### Task objective
Please copy the records exactly as they appear, with all pictures left out.

Start of Data excerpts

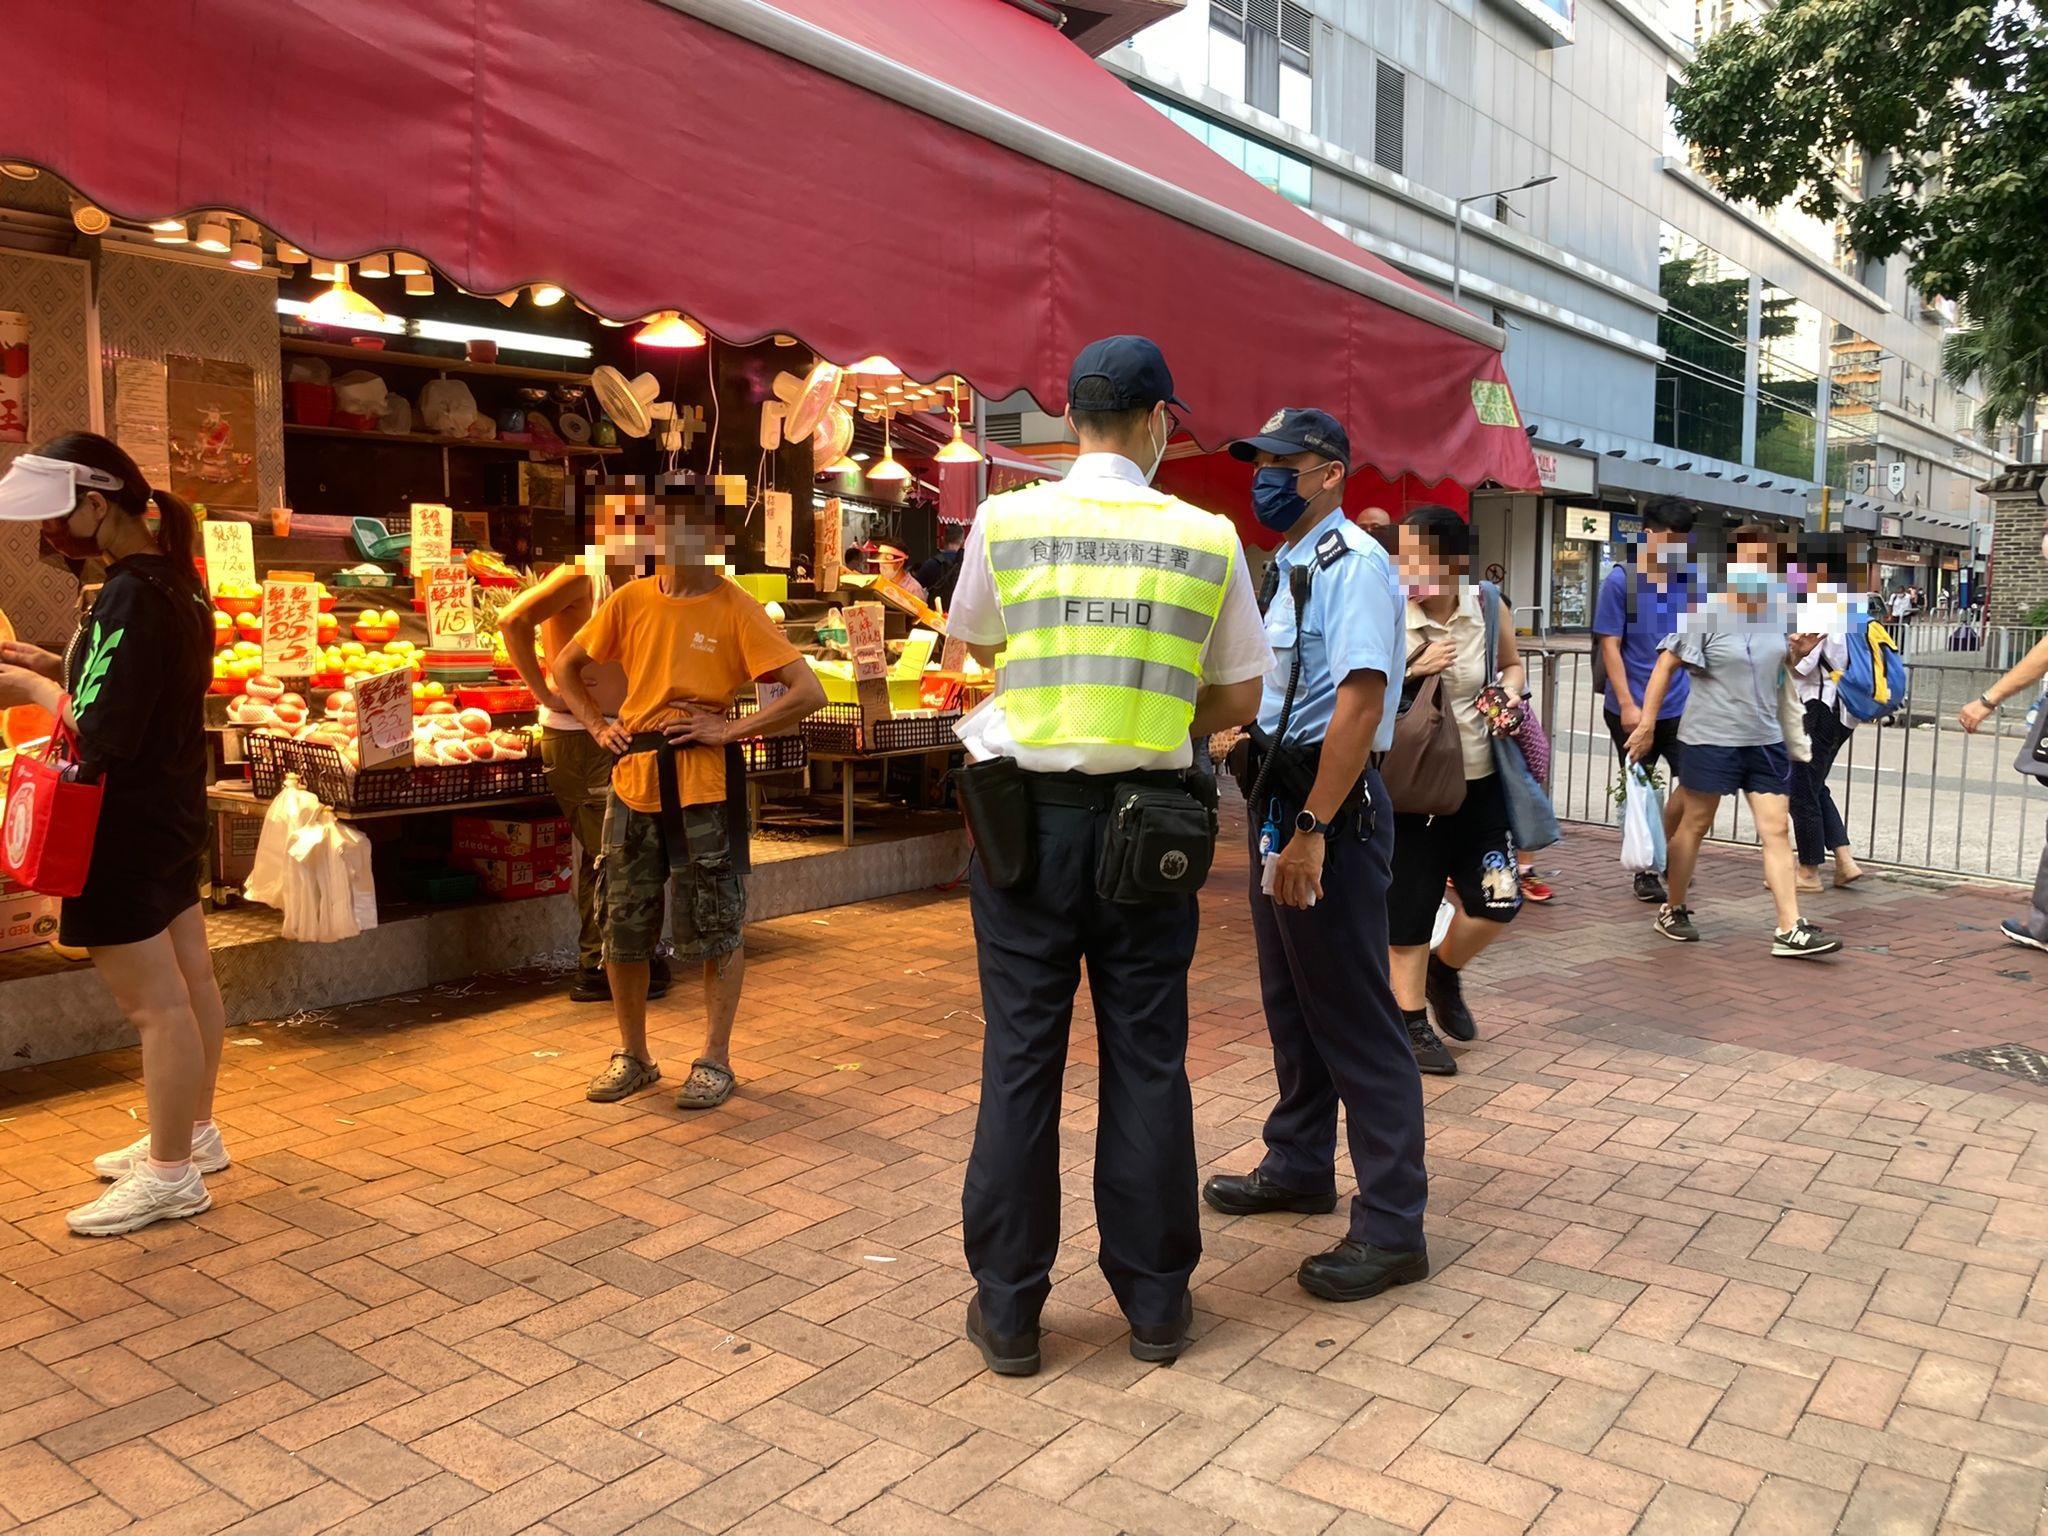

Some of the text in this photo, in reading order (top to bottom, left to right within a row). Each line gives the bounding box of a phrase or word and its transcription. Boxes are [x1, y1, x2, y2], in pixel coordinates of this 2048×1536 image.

[1893, 466, 1900, 474] P
[1065, 600, 1151, 625] FEHD
[458, 839, 498, 854] Papaya
[9, 924, 30, 937] RED
[1794, 932, 1811, 946] N

End of Data excerpts

### Solution to the problem
Some of the text in this photo, in reading order (top to bottom, left to right within a row). Each line gives the bounding box of a phrase or word and its transcription. Boxes are [x1, y1, x2, y2], in pixel coordinates of this 2048×1536 image.

[1893, 466, 1900, 474] P
[1065, 600, 1151, 625] FEHD
[458, 839, 498, 854] Papaya
[9, 924, 30, 937] RED
[1794, 932, 1811, 946] N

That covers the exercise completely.